You are viewing a plain text version of this content. The canonical link for it is here.
Posted to issues@hbase.apache.org by "Ted Yu (JIRA)" <ji...@apache.org> on 2012/12/12 23:59:21 UTC
[jira] [Commented] (HBASE-7342) Split operation without split key
incorrectly finds the middle key in off-by-one error
[ https://issues.apache.org/jira/browse/HBASE-7342?page=com.atlassian.jira.plugin.system.issuetabpanels:comment-tabpanel&focusedCommentId=13530463#comment-13530463 ]
Ted Yu commented on HBASE-7342:
-------------------------------
{code}
+ System.out.println("Original table has: " + loadedTableCount + " rows");
{code}
Please use LOG variable for the above.
{code}
+ Thread.currentThread();
{code}
Does the above statement have any effect ?
{code}
+ Thread.sleep(1000);
{code}
Can the sleep duration be shorter ?
{code}
+ } catch (InterruptedException e) {
+ e.printStackTrace();
{code}
Throw InterruptedIOException from the catch block.
{code}
+ return;
+
{code}
nit: remove the empty line.
{code}
+ throw new Exception("Split did not increase the number of regions");
{code}
nit: use fail().
> Split operation without split key incorrectly finds the middle key in off-by-one error
> --------------------------------------------------------------------------------------
>
> Key: HBASE-7342
> URL: https://issues.apache.org/jira/browse/HBASE-7342
> Project: HBase
> Issue Type: Bug
> Components: HFile, io
> Affects Versions: 0.94.1, 0.94.2, 0.94.3, 0.96.0
> Reporter: Aleksandr Shulman
> Assignee: Aleksandr Shulman
> Priority: Minor
> Fix For: 0.96.0, 0.94.4
>
> Attachments: HBASE-7342-v1.patch
>
>
> I took a deeper look into issues I was having using region splitting when specifying a region (but not a key for splitting).
> The midkey calculation is off by one and when there are 2 rows, will pick the 0th one. This causes the firstkey to be the same as midkey and the split will fail. Removing the -1 causes it work correctly, as per the test I've added.
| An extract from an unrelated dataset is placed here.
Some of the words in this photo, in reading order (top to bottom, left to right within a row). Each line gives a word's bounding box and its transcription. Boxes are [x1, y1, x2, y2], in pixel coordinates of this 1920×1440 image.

> Looking into the code here is what goes on:
> 1. Split takes the largest storefile
> 2. It puts all the keys into a 2-dimensional array called blockKeys[][]. Key i resides as blockKeys[i]
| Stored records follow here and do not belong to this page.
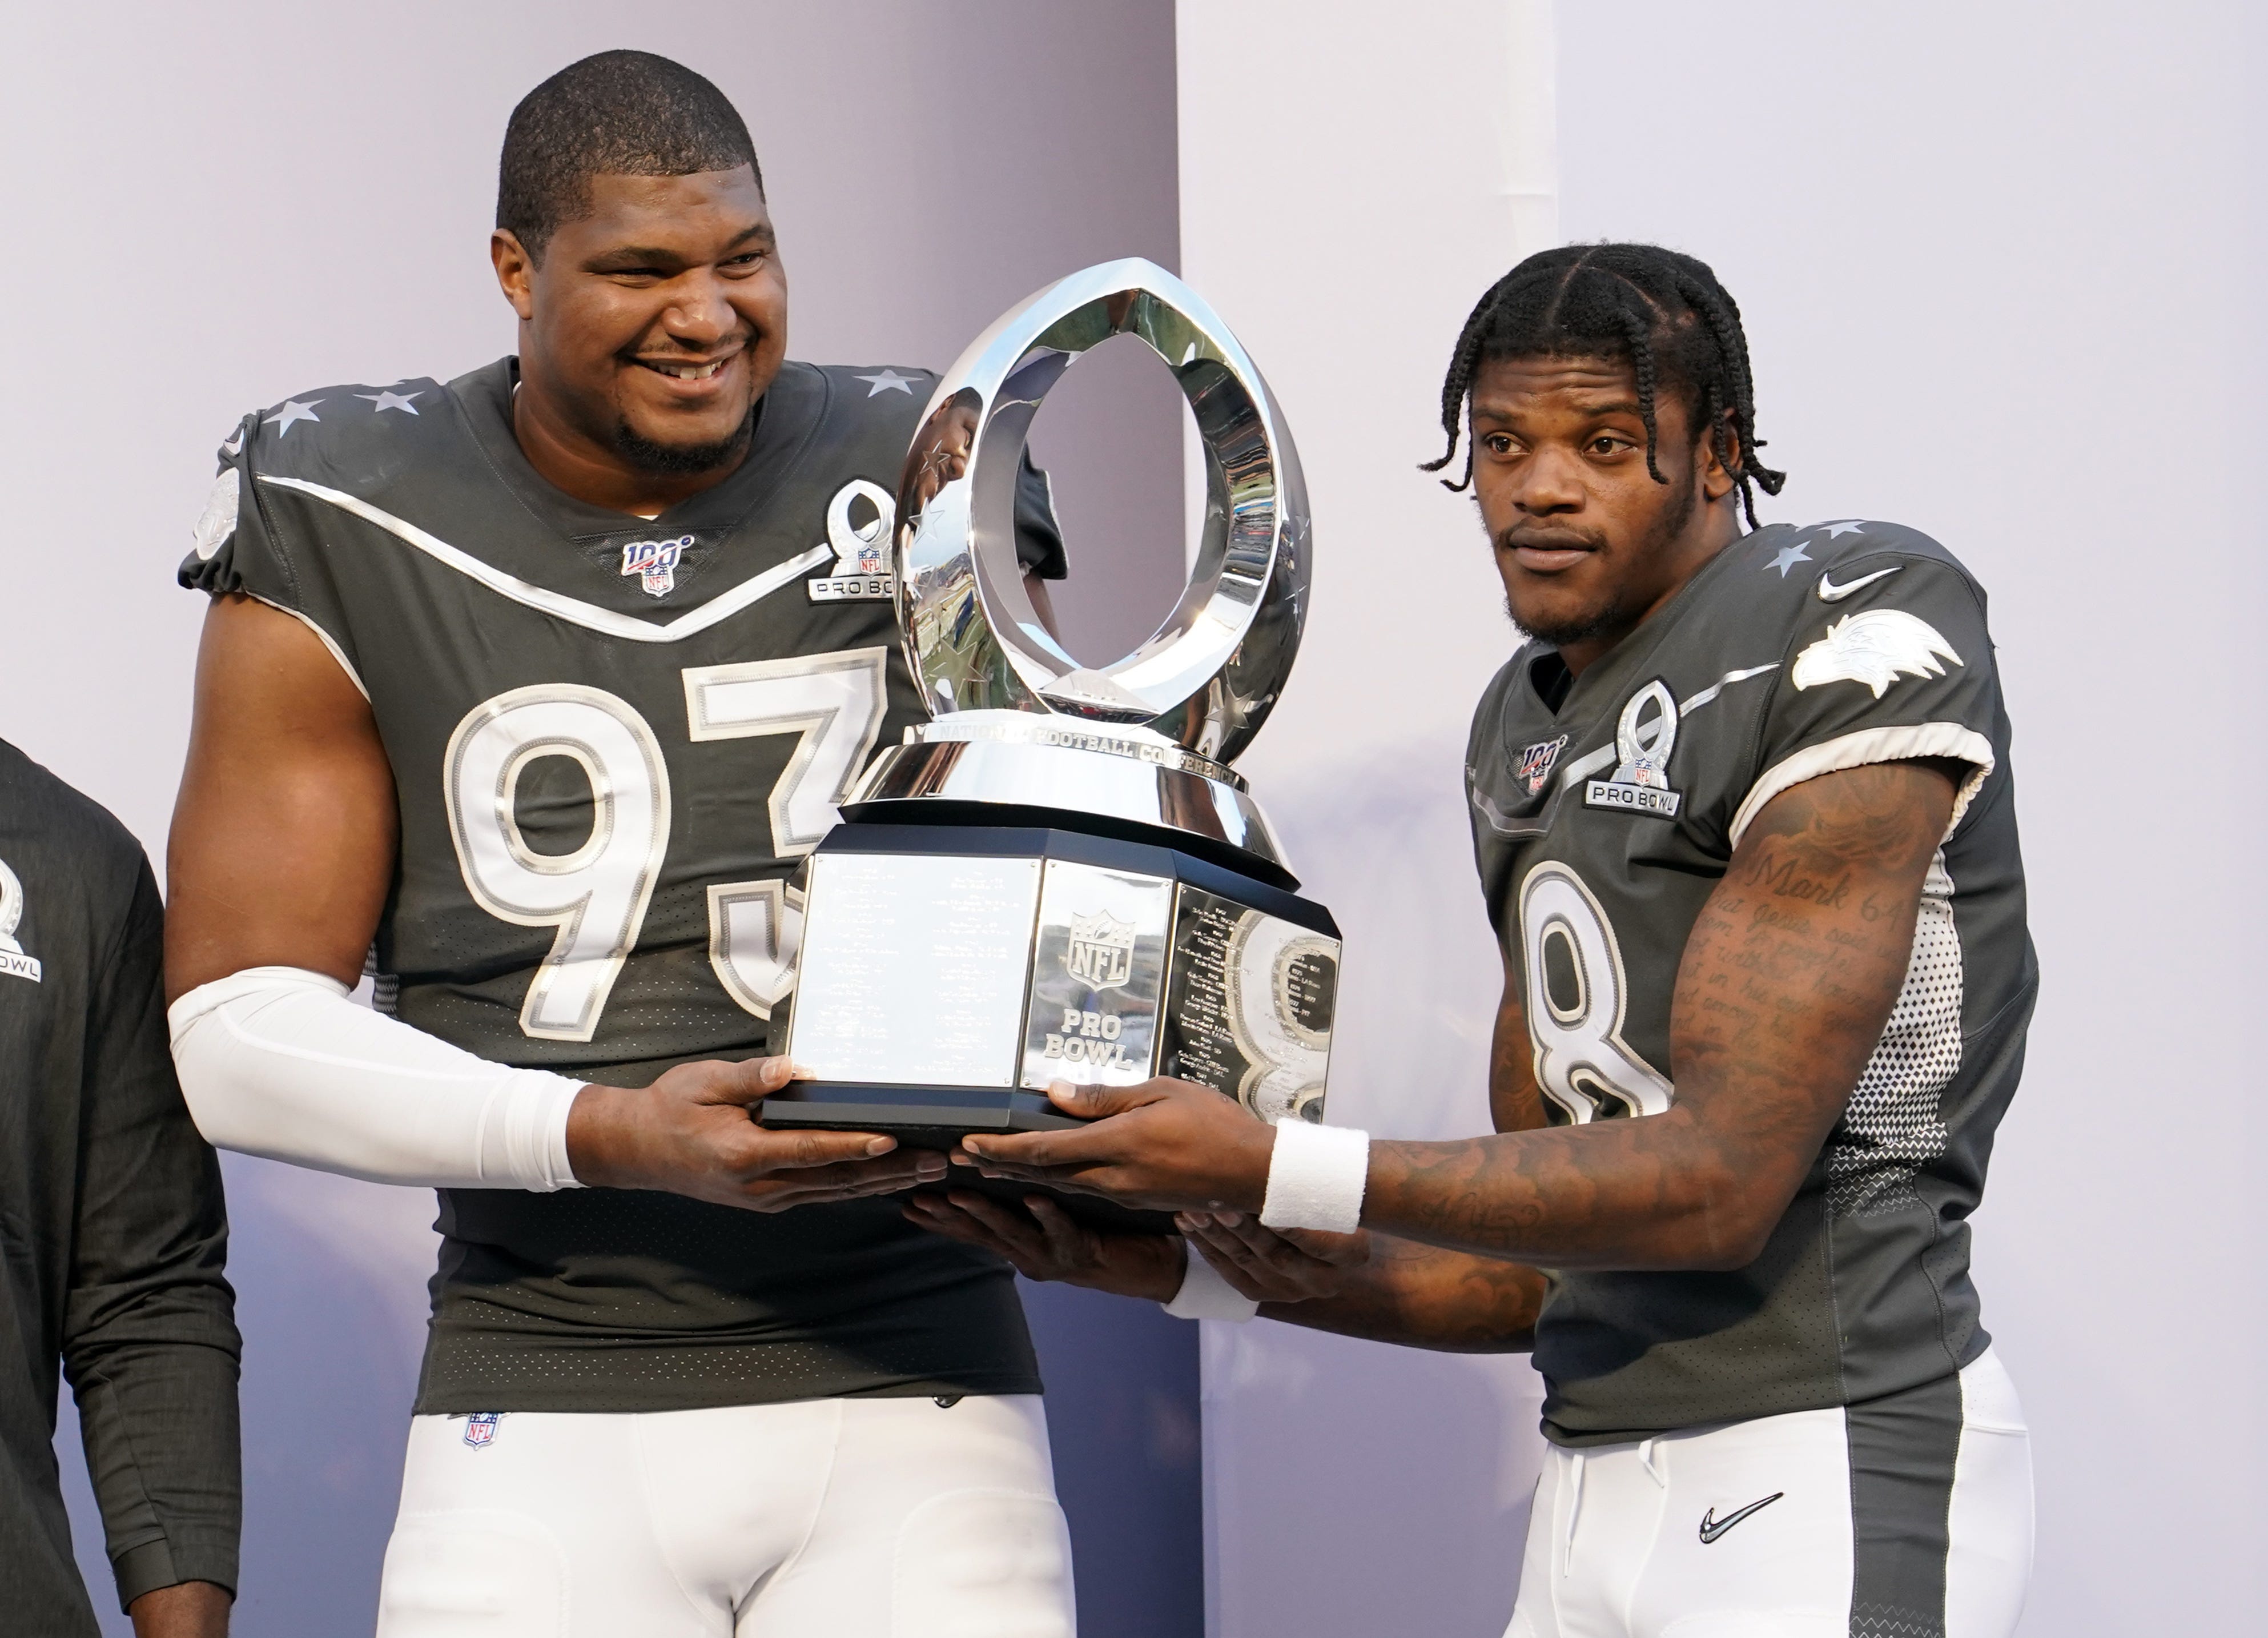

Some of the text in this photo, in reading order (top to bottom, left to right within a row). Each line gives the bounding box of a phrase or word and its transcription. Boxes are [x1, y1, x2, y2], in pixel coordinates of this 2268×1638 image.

[861, 560, 879, 572] NFL
[648, 576, 667, 589] NFL
[817, 581, 892, 596] PRO BO
[1036, 727, 1134, 757] FOOTBALL
[1635, 769, 1650, 782] NFL
[1593, 787, 1674, 811] PRO BOWL
[1745, 854, 1851, 910] Mark
[0, 956, 38, 977] OWL
[1072, 942, 1126, 983] NFL
[1519, 860, 1674, 1125] 8
[1061, 1008, 1122, 1041] PRO
[1043, 1033, 1133, 1071] BOWL
[468, 1424, 490, 1441] NFL
> 3. Getting the middle root-level index should yield the key in the middle of the storefile
> 4. In step 3, we see that there is a possible erroneous (-1) to adjust for the 0-offset indexing.
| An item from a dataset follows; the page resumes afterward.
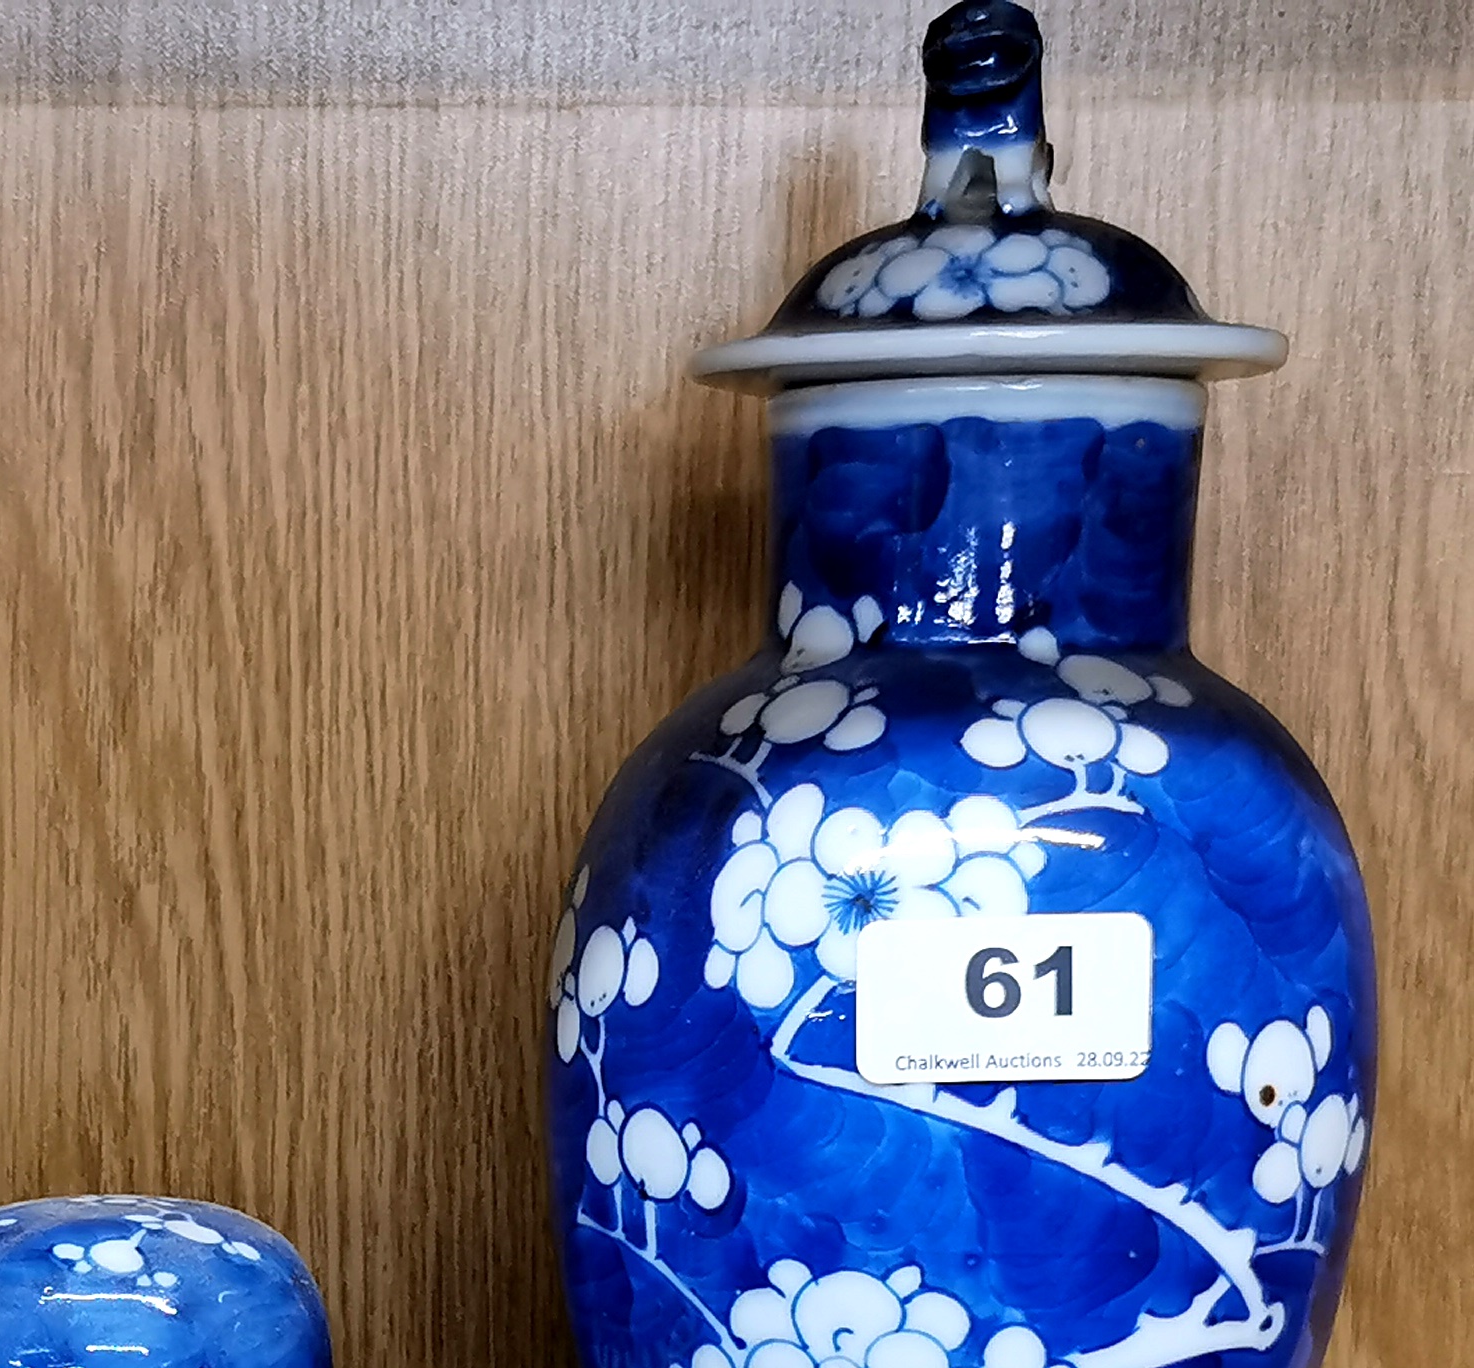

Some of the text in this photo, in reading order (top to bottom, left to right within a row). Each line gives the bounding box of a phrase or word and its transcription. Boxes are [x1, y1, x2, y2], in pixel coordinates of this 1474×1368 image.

[965, 945, 1073, 1019] 61
[895, 1053, 980, 1071] Chalkwell
[985, 1052, 1063, 1069] Auctions
> 5. In a result with where there are only 2 blockKeys, this yields the 0th block key.
> 6. Unfortunately, this is the same block key that 'firstKey' will be.
> 7. This yields the result in HStore.java:1873 ("cannot split because midkey is the same as first or last row")
> 8. Removing the -1 solves the problem (in this case).
--
This message is automatically generated by JIRA.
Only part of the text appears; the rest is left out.